Details of Relational Implementation

[0096] We implemented seven different indexing strategies for our experiments: ROOTPATHS (RP) and DATAPATHS (DP)--both with differential encoding on IdList, simulated DataGuide (DG) and simulated Index Fabric (IF) using B+-tree index, Edge Table index with the value index, forward link, and backward link index as described in J. McHugh and J. Widom, "Query optimization for XML," VLDB, 1999 (these indices are the most useful indices reported in Florescu, et al., 1999), Access Support Relations (ASR), and Join Indices (JI).

[0097] Since commercial database systems (such as DB2 and Oracle) do not currently implement Patricia trie, we use regular B+-tree indices in this paper to simulate Index Fabric. Many commercial systems such as DB2 has implemented prefix compression on indexed columns to reduce the key size. Thus when the schema paths are not too long, regular B+-tree indices are also space efficient.

[0098] The original proposals for ASRs (Kemper, 1999, supra) and Join Indices (Valduriez, 1987, supra) present techniques for materializing a subset of the paths given a query workload. However, since our focus is on evaluating ad hoc queries, we implemented ASRs and Join Indices by materializing all relevant paths present in the data.

[0099] Since the DataGuide and the Index Fabric do not store IdLists, they cannot be directly used to answer twig queries. Consequently, we used the DataGuide/Index Fabric to look up ids at the end of root-to-leaf paths, then we used (possibly many lookups in) the reverse link index on Edge Table to determine the branch point ids from the leaf ids. Reverse DataGuide (see, H. Liefke, D. Suciu, "XMill: an Efficient Compressor for XML Data," SIGMOD, 2000) cannot be used for this purpose, since it can only return branch point ids given the leaf to root path. We also experimented with various query plans for branching queries, where DataGuide and Index Fabric were used only for some of the query branches, and the link and value indices were used for other branches. We chose the best among these as characterizing the performance of the DataGuide and Index Fabric approaches. We refer to these combined strategies as DG+Edge and IF+Edge.
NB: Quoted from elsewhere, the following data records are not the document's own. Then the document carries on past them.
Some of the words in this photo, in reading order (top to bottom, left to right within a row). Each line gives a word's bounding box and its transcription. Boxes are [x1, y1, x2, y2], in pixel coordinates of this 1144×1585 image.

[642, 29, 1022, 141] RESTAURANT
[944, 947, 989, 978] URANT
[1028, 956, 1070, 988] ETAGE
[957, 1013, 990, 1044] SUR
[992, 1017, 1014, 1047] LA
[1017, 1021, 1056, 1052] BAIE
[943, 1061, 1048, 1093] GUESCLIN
[0100] We could not use structural join algorithms since none of these algorithms has been implemented in commercial database systems.
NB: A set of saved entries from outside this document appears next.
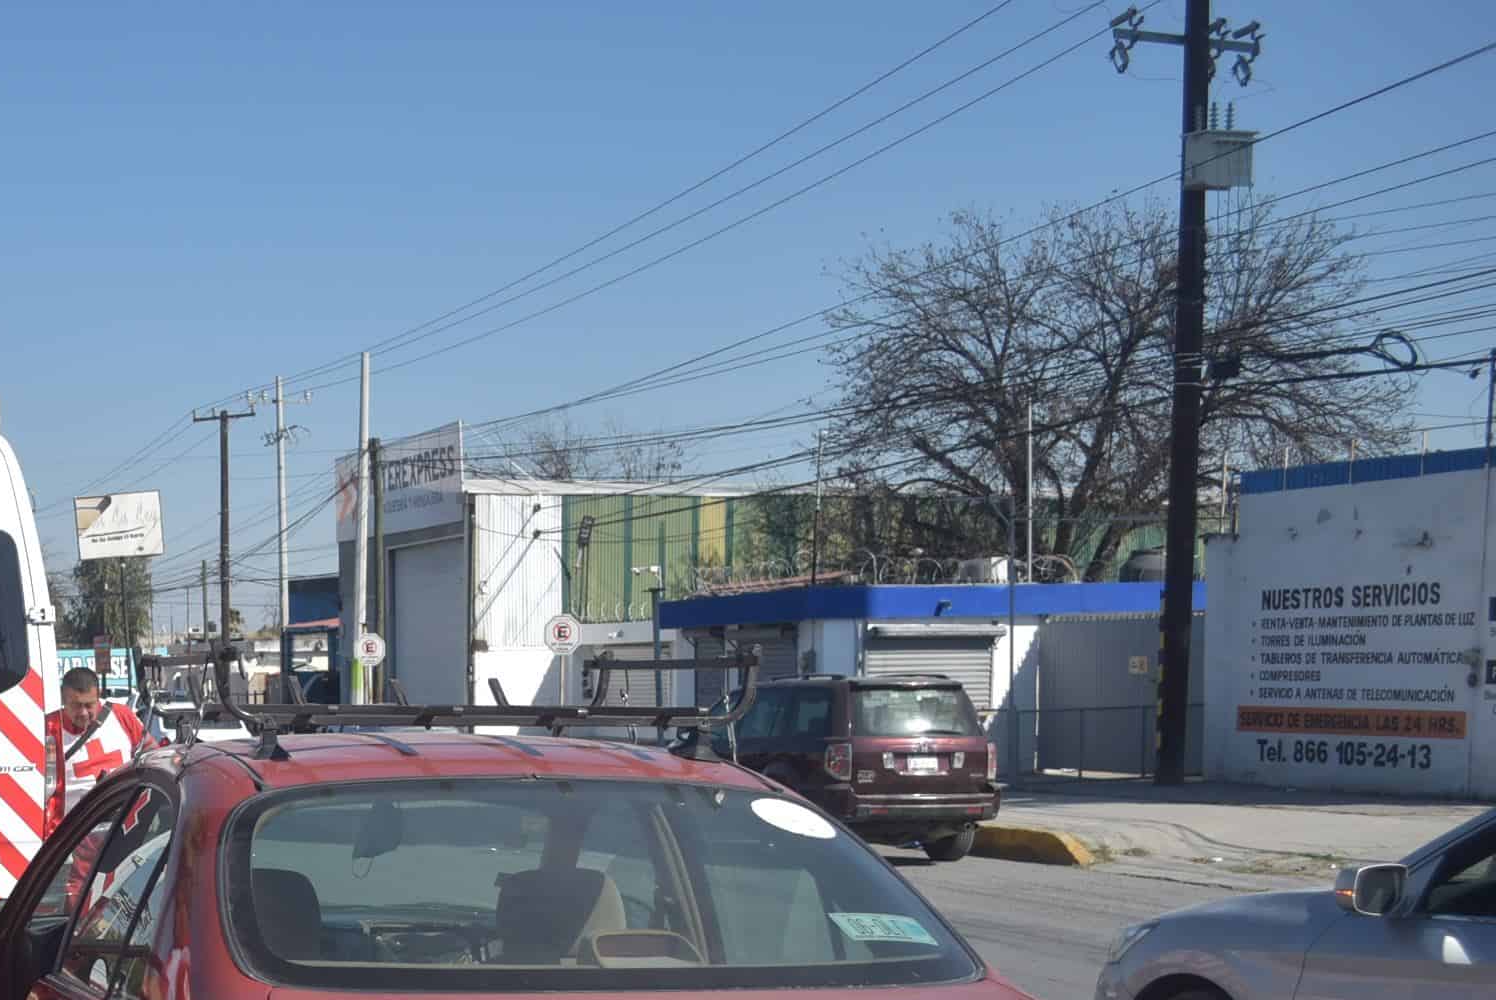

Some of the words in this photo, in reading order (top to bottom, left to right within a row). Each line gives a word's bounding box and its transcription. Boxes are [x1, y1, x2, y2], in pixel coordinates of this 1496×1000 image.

[1261, 587, 1344, 610] NUESTROS
[1352, 582, 1441, 608] SERVICIOS
[1392, 614, 1402, 627] DE
[1404, 613, 1443, 627] PLANTAS
[1445, 613, 1456, 626] DE
[1458, 612, 1476, 626] LUZ
[1261, 635, 1289, 647] TORRES
[1294, 635, 1304, 647] DE
[1260, 652, 1302, 664] TABLEROS
[1306, 652, 1316, 664] DE
[1321, 652, 1393, 664] TRANSFERENCIA
[1259, 670, 1321, 682] COMPRESORES
[1258, 687, 1294, 699] SERVICIO
[1295, 688, 1301, 699] A
[1305, 688, 1344, 700] ANTENAS
[1347, 688, 1357, 700] DE
[1362, 685, 1455, 702] TELECOMUNICACIÓN
[1288, 713, 1299, 728] DE
[1404, 716, 1422, 732] 24
[1256, 739, 1287, 763] Tel.
[1294, 740, 1328, 764] 866
[1336, 742, 1432, 770] 105-24-13
[0101] FIG. 9 shows space requirement for the various index structures. The space for DATAPATHS and ROOTPATHS is the result after differential-encoding on IdList. Since XMark data is more deeply nested than DBLP, the space requirements for DATAPATHS increase proportionally.

Experimental Results

We first compare use of our new index structures with existing XML index structures. We then present a comparison with ASRs and Join Indices.

[0102] We examine the benefit of indexing schema paths and data values together by choosing a single fully-specified path query, and varying it from highly selective (Q1.sub.d, Q1.sub.x,), to moderately selective (Q2.sub.d, Q2.sub.x,), to relatively unselective (Q3.sub.d, Q3.sub.x,). FIGS. 11A and 11B show the performance of various index structures (XMark in FIG. 11A, DBLP in FIG. 11B). The Index Fabric and ROOTPATHS are among the best approaches, while DATAPATHS is only slightly worse. Meanwhile the Edge and DataGuide+Edge approaches perform very badly with decreasing selectivity.

[0103] The good performance of Index Fabric is expected because it is optimized for simple path queries. ROOTPATHS suffers a slight overhead because it stores IdLists instead of just Ids, and also incurs the cost of invoking a user-defined function to extract the ids. Similarly, DATAPATHS is slightly worse than ROOTPATHS because it has the overhead of storing both IdLists and HeadId.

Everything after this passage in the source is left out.